Reparem que coloquei a linha vermelha no patamar de 4,5% ao ano, a meta oficial do governo. Nossa inflação jamais ficou perto dela durante a gestão Dilma. O que podemos observar é um índice de inflação acima até do topo da meta, de 6,5%, existente apenas para casos esporádicos e temporários. Não resta dúvida: o governo Dilma abandonou este pilar do tripé.

O segundo pilar é o câmbio flutuante. Por que seria tão importante? Ora, a taxa de câmbio é um preço como tantos outros, e sua função, portanto, é transmitir informações relevantes aos agentes tomadores de decisões. No caso do câmbio, isso é ainda mais relevante, pois ele é o resultado da interação de inúmeros fatores que sinalizam tendências cruciais para os empresários e investidores.

Se o país como um todo está importando muito mais do que conseguindo exportar, por exemplo, e se nossa conta-corrente está negativa, então o natural seria o real se desvalorizar frente ao dólar, para atrair mais investimento externo e estimular mais as exportações. Quando o governo intervém nesse processo, segurando artificialmente a taxa de câmbio, ele distorce todo o mecanismo de alocação de capital na economia.

Pois bem: o BC já realizou mais de US$ 100 bilhões em “swaps” cambiais nos últimos meses para tentar segurar nosso câmbio, com medo do impacto de uma desvalorização nos índices de inflação. Com isso, o real permanece fora de seu preço de equilíbrio, caro demais, o que prejudica bastante nossa indústria. Eis o resultado do câmbio que não chega a ser fixo, mas tem “flutuação suja”:

Taxa de câmbio: real x dólar. Fonte: Bloomberg Taxa de câmbio: real x dólar.
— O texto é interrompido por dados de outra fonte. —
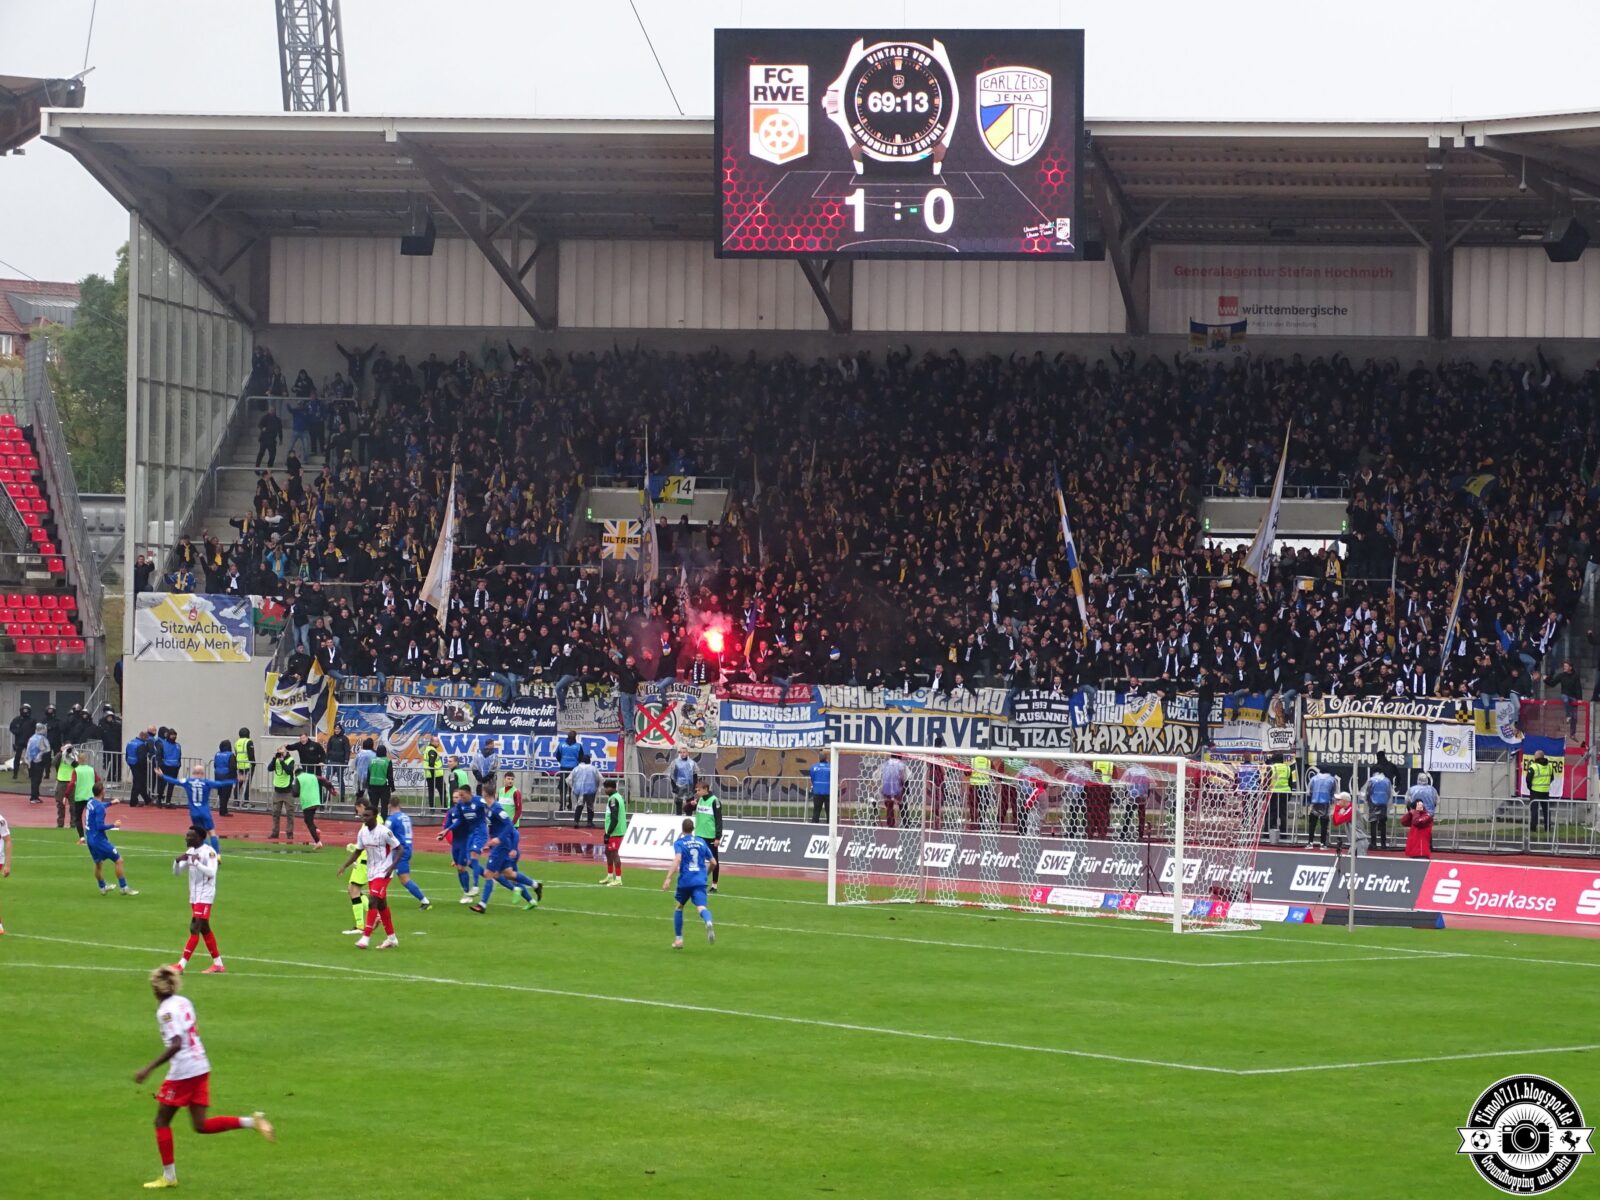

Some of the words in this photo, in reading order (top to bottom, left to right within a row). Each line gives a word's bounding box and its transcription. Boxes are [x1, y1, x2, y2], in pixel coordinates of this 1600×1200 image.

[866, 47, 910, 64] VINTAGE
[764, 67, 793, 84] FC
[983, 75, 1012, 90] CARL
[1014, 74, 1045, 90] ZEISS
[753, 86, 804, 101] RWE
[868, 91, 929, 113] 69:13
[993, 93, 1034, 103] JENA
[852, 123, 898, 155] HANDMADE
[901, 147, 914, 156] IN
[914, 122, 945, 149] ERFURT
[1016, 107, 1044, 154] FC
[845, 188, 864, 232] 1
[924, 187, 954, 234] 0
[1174, 265, 1278, 279] Generalagentur
[1279, 265, 1321, 279] Stefan
[1325, 266, 1393, 279] Hochmuth
[1242, 304, 1348, 317] württembergische
[603, 536, 639, 544] ULTRAS
[160, 621, 227, 635] SitzwAche
[155, 638, 202, 651] HolidAy
[204, 638, 230, 650] Men
[440, 682, 470, 698] MIT
[480, 701, 557, 716] Menschenrechte
[731, 704, 811, 722] UNBEUGSAM
[1015, 711, 1069, 723] LAUSANNE
[492, 716, 507, 725] dem
[510, 716, 536, 728] Abseits
[537, 718, 556, 727] holen
[825, 714, 990, 748] SÜDKURVE
[1306, 718, 1339, 728] VEGAN
[1341, 717, 1393, 730] STRAIGHT
[440, 734, 607, 759] WEIMR
[719, 730, 824, 748] UNVERKÄUFLICH
[994, 728, 1071, 748] ULTRAS
[1074, 725, 1199, 754] HARAKIRI
[1306, 729, 1422, 754] WOLFPACK
[1320, 753, 1340, 763] FCC
[734, 835, 755, 849] Für
[755, 837, 791, 853] Erfurt.
[809, 839, 830, 854] SW
[843, 841, 864, 856] Für
[864, 843, 903, 860] Erfurt.
[923, 845, 951, 862] SWE
[957, 849, 980, 865] Für
[980, 851, 1021, 868] Erfurt.
[1040, 855, 1071, 871] SWE
[1078, 856, 1101, 873] Für
[1101, 858, 1143, 876] Erfurt.
[1205, 864, 1230, 881] Für
[1229, 866, 1273, 885] Erfurt.
[1296, 869, 1328, 887] SWE
[1364, 874, 1411, 894] Erfurt.
[1465, 887, 1557, 911] Sparkasse
Fonte: Bloomberg

Não resta muita dúvida aqui também: esse pilar foi abandonado, e muitos analistas acreditam que o dólar já valeria quase R$ 3,00 não fosse a intervenção do governo.
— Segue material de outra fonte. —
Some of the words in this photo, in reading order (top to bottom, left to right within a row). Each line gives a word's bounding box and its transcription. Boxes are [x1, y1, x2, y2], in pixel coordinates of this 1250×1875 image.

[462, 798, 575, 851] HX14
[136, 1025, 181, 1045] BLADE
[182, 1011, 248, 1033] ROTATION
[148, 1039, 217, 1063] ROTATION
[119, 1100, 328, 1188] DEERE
Por fim, temos a questão das contas públicas, uma das maiores conquistas da era FHC, com a Lei de Responsabilidade Fiscal. Esse pilar é talvez o mais importante e é simples entender o motivo: governo que gasta mais do que arrecada inevitavelmente terá problemas à frente, e ou vai ter de gerar inflação para fechar o buraco, ou ficará nas mãos de “agiotas” e colocará o país em risco de calote. Qualquer família entende isso.
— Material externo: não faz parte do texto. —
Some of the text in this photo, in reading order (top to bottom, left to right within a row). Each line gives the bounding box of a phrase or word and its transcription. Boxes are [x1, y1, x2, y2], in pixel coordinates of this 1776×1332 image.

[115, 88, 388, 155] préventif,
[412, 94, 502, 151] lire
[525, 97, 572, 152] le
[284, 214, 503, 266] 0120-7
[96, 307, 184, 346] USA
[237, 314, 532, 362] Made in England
Pois bem: acaba de ser divulgado o superávit primário, aquilo que o governo poupa antes de incluir o pagamento do serviço da dívida acumulada. Um desastre! O resultado do primeiro semestre foi o pior em 12 anos! Foi uma queda de 50% em relação ao mesmo período do ano anterior.

Fonte: GLOBO Fonte: GLOBO

Na margem, não há sequer superávit, mas sim déficit primário, ou seja, o governo não conseguiu nem economizar antes de incluir os gastos com juros. A dívida pública, que já é enorme, aumenta dessa forma. Isso mesmo com os “malabarismos contábeis”, ou seja, mesmo maquiando números com artimanhas. Não resta muita dúvida: o governo Dilma abandonou esse último pilar do tripé macroeconômico também.

Qualquer um que compreende a importância do tripé macroeconômico tem todos os motivos do mundo para alimentar grande pessimismo em relação ao futuro de nossa economia, especialmente se a equipe econômica atual permanecer no poder.